The Palm Beach Post published an article in March of 2013 headlined “Palm Beach County home prices up 27 percent from a year ago” that reads in part, “is the boom back? Palm Beach County’s housing market continued its dramatic rebound in February.

“The median price of an existing home sold in the county rose to $235,000, up 27 percent from a year ago and 8 percent from January, the Realtors Association of the Palm Beaches said today. Sales volumes continued to rise, too. There were 1,012 single-family home sales last month, up 9.6 percent from a year ago and up 5 percent from last month. … Such a strong spike in home prices brings back memories of the disastrous bubble of 2005, but the market is much different now. Prices plunged by more than 50 percent from their 2005 peak before bouncing back.”

The number of foreclosure sales Palm Beach County fell 40 percent from a year ago, while short sales decreased 9 percent. Traditional sales grew 25.7 percent.

Dick Picard, a Daytona Beach Realtor, wrote the following in Realty Times: “inventories of single-family homes in Daytona Beach have continued to drop. In 2012 they dropped about 2.6 percent from 2011, and they had dropped quite a bit from 2010 to 2011. As of the end of 2012, inventory was at about 5.6 months compared to 9.2 months a year earlier.

“Comparing 2012 with 2011 shows beachside properties up by 1.7 percent and mainland properties up by 3.1 percent. Mainland properties dropped in price significantly in 2011 so that trend has been reversed. Many of the lower-priced distressed properties have flushed out but there are still good deals to be had. With the history-making interest rates, this is a great time to be a buyer.”

According to a January article in the Florida Current (“Florida home and condo sales, prices shoot up in December”), sales and prices for existing single-family homes and condominiums rose sharply in December.

The article continued, “home resales jumped 15.8 percent last month in the year-over- year comparison, and the median sale price of $154,000 is a 14.1 percent increase over December 2011. The median number of days on the market for home resales fell from 71 days to 59 days. Condo sales rose 8.6 percent, with the median sale price jumping 26.3 percent to $117,500. The median amount of days for condos on the market fell by five days to 60 days on the market.”

An article published in March in the Miami Herald (“Has S. Florida experienced its last boom-bust cycle?”) postulates that the state’s real estate market has seen the last of volatility. It reads, “after all, South Florida has a long history of real estate booms and busts dating back to at least the 1920s.

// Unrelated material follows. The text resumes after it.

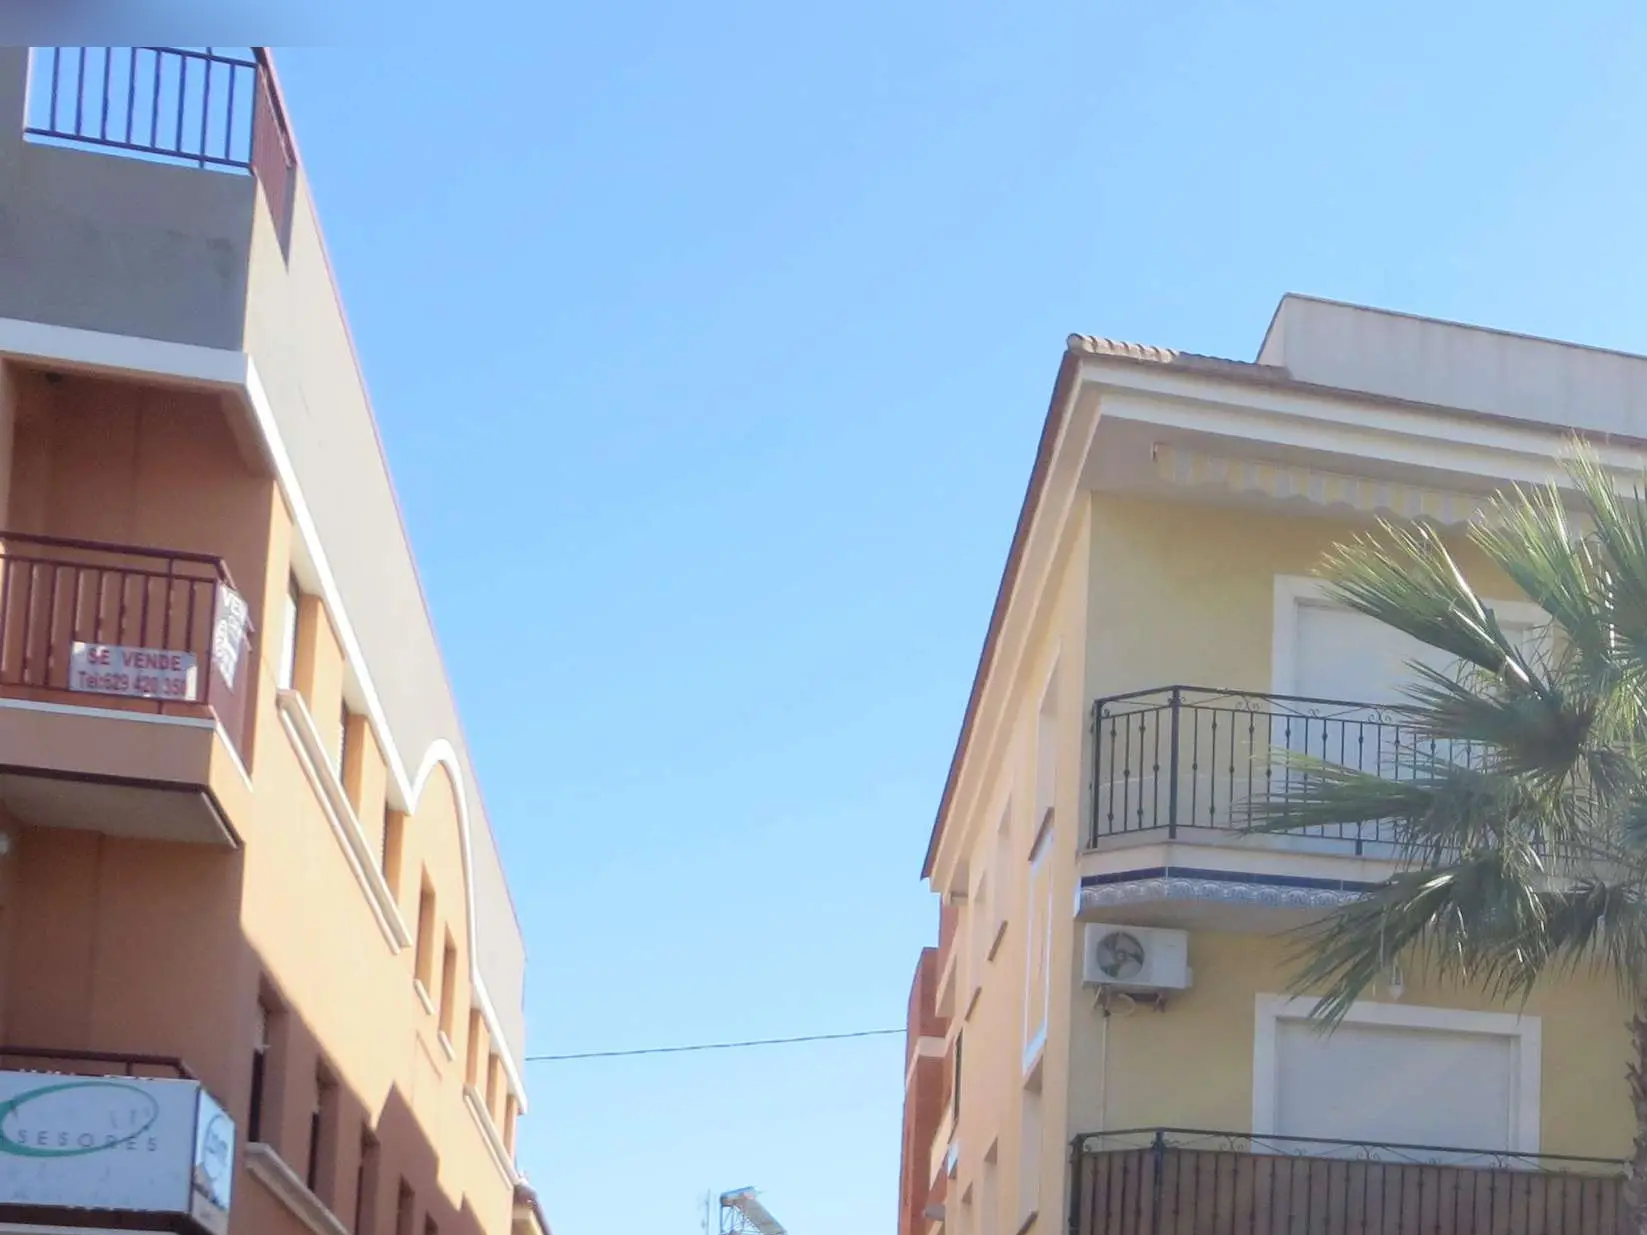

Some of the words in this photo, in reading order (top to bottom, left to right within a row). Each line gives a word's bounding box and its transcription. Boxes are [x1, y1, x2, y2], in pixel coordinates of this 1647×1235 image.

“Despite shrinking residential inventory in recent quarters, some could argue the tricounty region of Miami-Dade, Broward and Palm Beach — saddled by an unknown amount of shadow distressed real estate — is still in the midst of a bust that began in 2007 after four years of rampant residential development and condo conversions.

“Proponents counter that South Florida has experienced a somewhat quick recovery — despite a difficult mortgage market — from a real estate crash that many projected would take a decade to recover from given the oversupply of new and resale residences available some six years ago.

“As of the first quarter of 2013, South Florida’s resale inventory represents about 30 percent of the nearly 110,000 single-family houses, condos and townhouses on the market back in the fourth quarter of 2008, according to data from the Southeast Florida MLXchange.”

Whether the market recovers rapidly, or with sporadic gains – there seems to be an overwhelming consensus among experts that the market is on its way up.